Applications like food and e-commerce delivery through drones are "at least three years away," according to Neel Ratan, regional managing partner-north and government leader at PwC.
Elsewhere too the progress is slow because the regulators are still to lay the groundwork for the growth of the sector.
The biggest hurdle to mass adoption and use of drones has been the policy uncertainty.
In 2014, the civil aviation regulator in India, the Directorate General of Civil Aviation (DGCA), released a public notice prohibiting use of drones for civilian operation because it posed a safety and security threat, and mandated a host of permissions before flying a drone.
In April 2016, a set of draft guidelines was released by the DGCA for comment, but the consultation didn't move further.
In October 2017, the DGCA again released a new set of guidelines for use of drones in civilian airspace.
Finally, in December last year, the DGCA formalised the drone policy, set up an online IT portal called Digital Sky, designed as a one-stop-shop for several clearances, and allowed drones weighing 250 grams or less to fly legally.
Anything above that weight, however, is weighed down by regulations.

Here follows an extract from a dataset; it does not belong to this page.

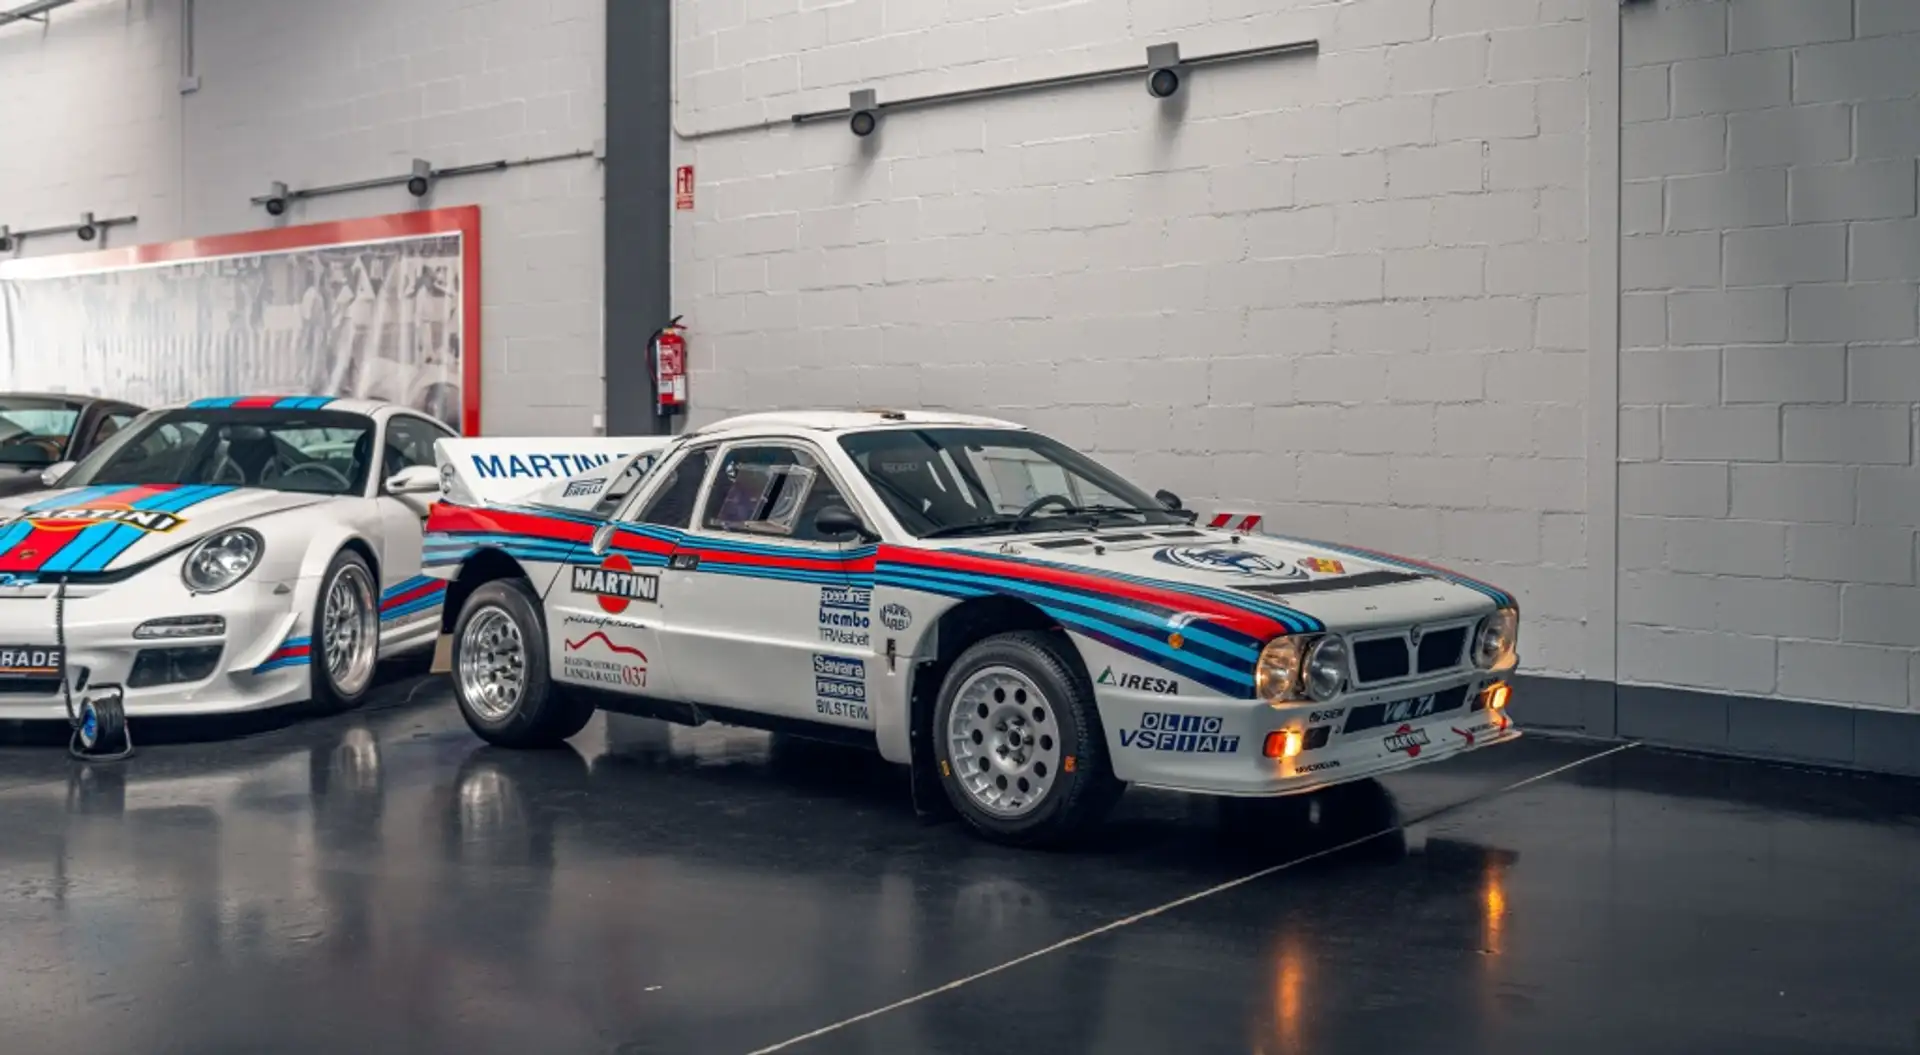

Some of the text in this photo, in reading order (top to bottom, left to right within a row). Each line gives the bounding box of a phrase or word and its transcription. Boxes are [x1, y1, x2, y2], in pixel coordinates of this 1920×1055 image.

It requires separate permission from the DGCA, the Directorate General of Foreign Trade, the ministry of home affairs, the ministry of defence, the Indian Air Force, the Wireless Planning and Coordination Wing (Department of Telecommunications), the Bureau of Civil Aviation Security, the Airports Authority of India and the local police.
"The biggest issue right now is that the Digital Sky platform through which permissions to fly are to be accorded is not fully functional.
"To operate a drone currently, the user will need to manually approach the regulator and the regulator remains reluctant to grant such permissions until the technology-enabled permission and compliance model envisaged by the current drones policy is live," said Rastogi.
Once the policy hurdles are figured out, large scale adoption will also require creating a separate air corridor to ensure the skies are not choked by drone traffic and proper training of pilots.
According to PwC's Ratan, there can be an air corridor earmarked for drones in the future.